A Brief History of the Uncompahgre Valley
The Uncompahgre Valley is located in southwestern Colorado and has been inhabited for over 10,000 years beginning with the Paleo period Indian occupation. Between 1200 AD and 1881, the Ute (Yutas) Indians used the valley for winter camps while higher elevations on the Uncompahgre Plateau were favorite hunting grounds.
Spanish traders entered the valley during the late 1600s, introducing horses, mules, firearms, and iron products. In the mid to late 1700s, explorers Don Juan Rivera, Dominguez, and Escalante recorded trade with the Ute Indians who called the Uncompahgre River ‘Anacapagri.’
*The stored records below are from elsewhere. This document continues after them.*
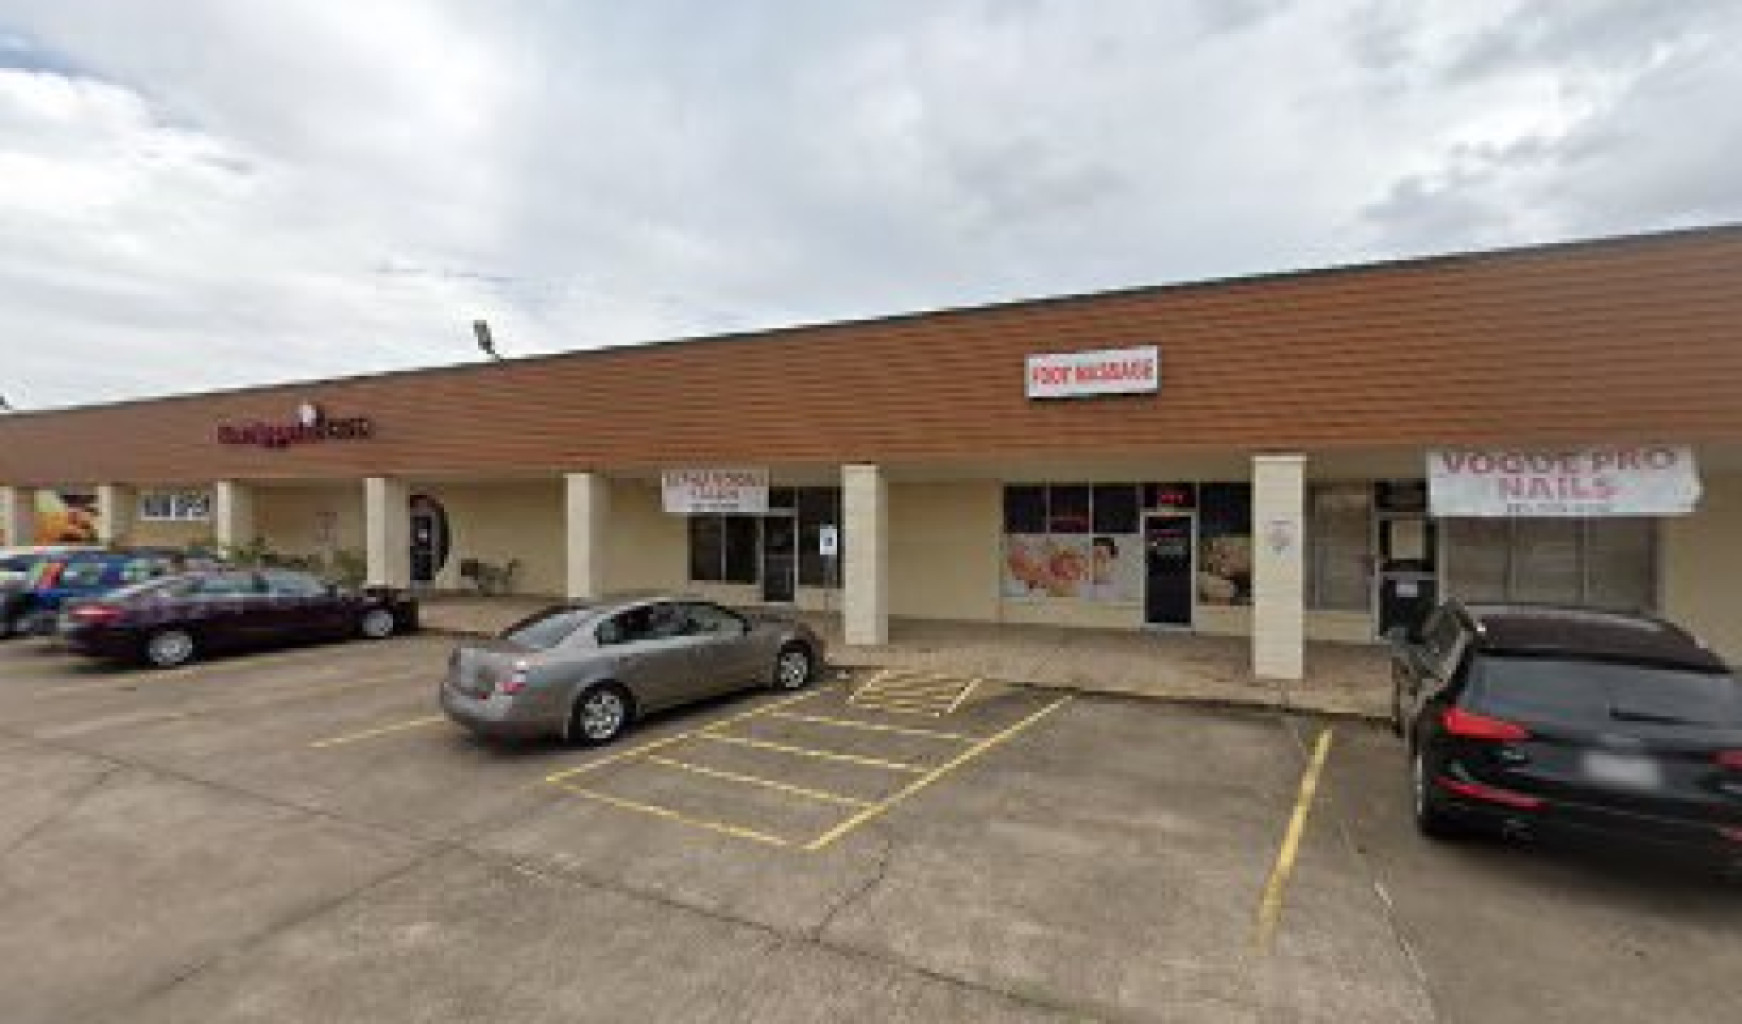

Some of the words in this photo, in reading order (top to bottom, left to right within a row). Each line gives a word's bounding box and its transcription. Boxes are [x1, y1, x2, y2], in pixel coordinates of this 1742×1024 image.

[1032, 365, 1072, 385] FOOT
[1075, 358, 1154, 382] MASSAGE
[1442, 449, 1578, 475] VOGUE
[1592, 446, 1677, 471] PRO
[1498, 476, 1614, 501] NAILS
European trappers and traders entered the area in the early 1800s. Fur trader Antoine Robidoux established Fort Uncompahgre in 1828, at the confluence of the Uncompahgre and Gunnison Rivers near the present town of Delta, Colorado. In 1844, Utes attacked the fort killing the inhabitants, who were mostly men from Mexico hired to watch over the furs and other traded goods. The attack was purportedly the result of an unknown incident which had occurred in New Mexico between Utes and Mexicans and was not directed at European settlers.
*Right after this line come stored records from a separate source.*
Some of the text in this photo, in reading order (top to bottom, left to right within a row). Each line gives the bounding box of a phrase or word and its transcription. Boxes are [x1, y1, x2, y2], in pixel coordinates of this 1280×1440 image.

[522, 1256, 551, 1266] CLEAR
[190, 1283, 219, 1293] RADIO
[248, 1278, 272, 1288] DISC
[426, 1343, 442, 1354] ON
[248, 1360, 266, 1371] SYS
Nation-wide economic depression and the Homestead Act of 1862 contributed to the influx of miners and settlers into Colorado in the 1870s. The prospect of mineral riches created a gold and silver rush in the San Juan Mountains just south of Montrose. The Dave Wood Road was built in 1881, from Montrose to Telluride and the surrounding areas to transport supplies by wagon to the miners and ranchers and to haul ore from the mines. Montrose became an important center of trade.
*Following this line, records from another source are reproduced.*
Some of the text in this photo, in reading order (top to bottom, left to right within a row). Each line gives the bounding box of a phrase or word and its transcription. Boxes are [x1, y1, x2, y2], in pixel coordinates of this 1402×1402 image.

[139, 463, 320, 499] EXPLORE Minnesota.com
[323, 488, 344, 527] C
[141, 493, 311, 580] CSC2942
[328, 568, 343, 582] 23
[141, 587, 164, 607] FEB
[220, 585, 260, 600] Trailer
The town of Montrose was incorporated in 1882, and the narrow-gauge Denver & Rio Grande Railroad arrived there in that same year. The town’s founder, Joseph Selig, named the town after Sir Walter Scott’s ‘Legend of Montrose,’ claiming the country reminded him of the Lake District in Scotland.
Trouble between settlers and the Indians flared in 1881, when White River Utes attacked and killed eleven men in northwestern Colorado near the present town of Meeker. The Meeker Massacre led to an order by the U.S. Congress to remove all Ute Indians to Utah. Chief Ouray of the Uncompahgre Valley Utes worked with the U.S. Government to secure a peace treaty, realizing that war would be devastating to the Utes. A treaty was signed but the government refused to let the Utes remain in Colorado. The displacement of the Utes opened the way for more settlers who quickly moved in to take advantage of the natural resources in and around the valley.
The intense settlement activity which ensued negatively impacted the environment. Lumbermen, as well as cattle and sheep ranchers, created roads, many of which followed old Indian trails. Land was over-grazed, lumber mills ran year-round, and hunting was unregulated. As a result, wildlife populations were severely reduced. In 1905, the Uncompahgre National Forest was established to manage and protect the natural resources. It was not until the 1930s that wildlife populations began to recover.
In 1909, the Gunnison tunnel was completed, bringing irrigation water from the Gunnison River in the Black Canyon to the semi-arid Uncompahgre Valley. The tunnel took four and a half years to complete, was over six miles long, and cost $5,000,000. The money was paid back, interest-free, over a ten-year period with the sale of water rights to settlers. Irrigation water enabled settlers to transform the Uncompahgre Valley into the agricultural hub that it is today.